From Peak Oil to Dark Age?
Oil output has stalled, and it's not clear the capacity exists to raise production


With global oil production virtually stalled in recent years, controversial predictions that the world is fast approaching maximum petroleum output are looking a bit less controversial. At first blush, those concerned about global warming should be delighted. After all, what better way to prod the move toward carbon-free, climate-friendly alternative energy?

But climate change activists have nothing to cheer about. The U.S. is completely unprepared for peak oil, as it's called, and the wrenching adjustments it would entail could easily accelerate global warming as nations turn to coal (see BusinessWeek.com, 4/19/07, "Rx for Earth: Sooner Not Later"). Moreover, regardless of the implications for climate change, peak oil represents a mortal threat to the U.S. economy.

...

The reality is that it will be here much sooner for the U.S.—in the form of peak oil exports. Since we import nearly two-thirds of the oil we consume, global oil available for export should be our bigger concern. Fast-growing domestic consumption in oil-exporting nations and increasing appetites by big importers such as China portend tighter supplies available to the U.S., unless world production rises rapidly. But output has stalled. Call it de facto peak oil or peak oil lite. It means the U.S. is entering an age when it will have to scramble to maintain existing import levels.
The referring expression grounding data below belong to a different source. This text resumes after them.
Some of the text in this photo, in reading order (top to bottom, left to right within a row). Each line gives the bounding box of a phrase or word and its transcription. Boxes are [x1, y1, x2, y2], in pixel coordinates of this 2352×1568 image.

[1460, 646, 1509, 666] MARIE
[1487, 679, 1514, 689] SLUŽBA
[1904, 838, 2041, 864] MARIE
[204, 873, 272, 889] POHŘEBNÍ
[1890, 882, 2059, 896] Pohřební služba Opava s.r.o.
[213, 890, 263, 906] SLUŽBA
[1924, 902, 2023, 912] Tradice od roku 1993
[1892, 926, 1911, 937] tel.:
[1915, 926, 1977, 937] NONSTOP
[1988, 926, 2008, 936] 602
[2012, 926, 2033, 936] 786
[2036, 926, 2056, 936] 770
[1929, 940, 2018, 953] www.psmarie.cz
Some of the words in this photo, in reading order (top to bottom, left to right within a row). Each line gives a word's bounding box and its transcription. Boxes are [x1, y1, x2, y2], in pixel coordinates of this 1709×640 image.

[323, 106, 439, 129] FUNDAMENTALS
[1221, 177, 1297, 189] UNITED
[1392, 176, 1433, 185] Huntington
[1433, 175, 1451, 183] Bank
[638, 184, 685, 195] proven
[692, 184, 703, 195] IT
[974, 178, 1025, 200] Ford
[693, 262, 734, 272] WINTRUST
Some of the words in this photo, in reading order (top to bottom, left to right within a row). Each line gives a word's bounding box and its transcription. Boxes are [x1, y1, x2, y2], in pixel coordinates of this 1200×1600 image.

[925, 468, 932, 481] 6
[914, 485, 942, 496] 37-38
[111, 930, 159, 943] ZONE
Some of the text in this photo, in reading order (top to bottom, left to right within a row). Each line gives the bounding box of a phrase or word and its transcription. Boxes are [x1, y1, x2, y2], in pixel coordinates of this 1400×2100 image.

We will know soon enough whether the capacity to raise production really exists. If not, basic math and the clock tell the story. All alternatives—geothermal, solar, wind, etc.—produce only 3% of the energy supplied by oil. If oil demand rises by 2% while output remains flat, generation of alternative energy would have to expand 60% a year. That's more than twice the rate of wind power, the fastest-growing alternative energy. And all this incremental energy would somehow have to be delivered to transportation (which consumes most of the oil produced each year) just to stay even with the growth in demand.

An editorial. But recommended.

Oh, baby, recommended.

--p!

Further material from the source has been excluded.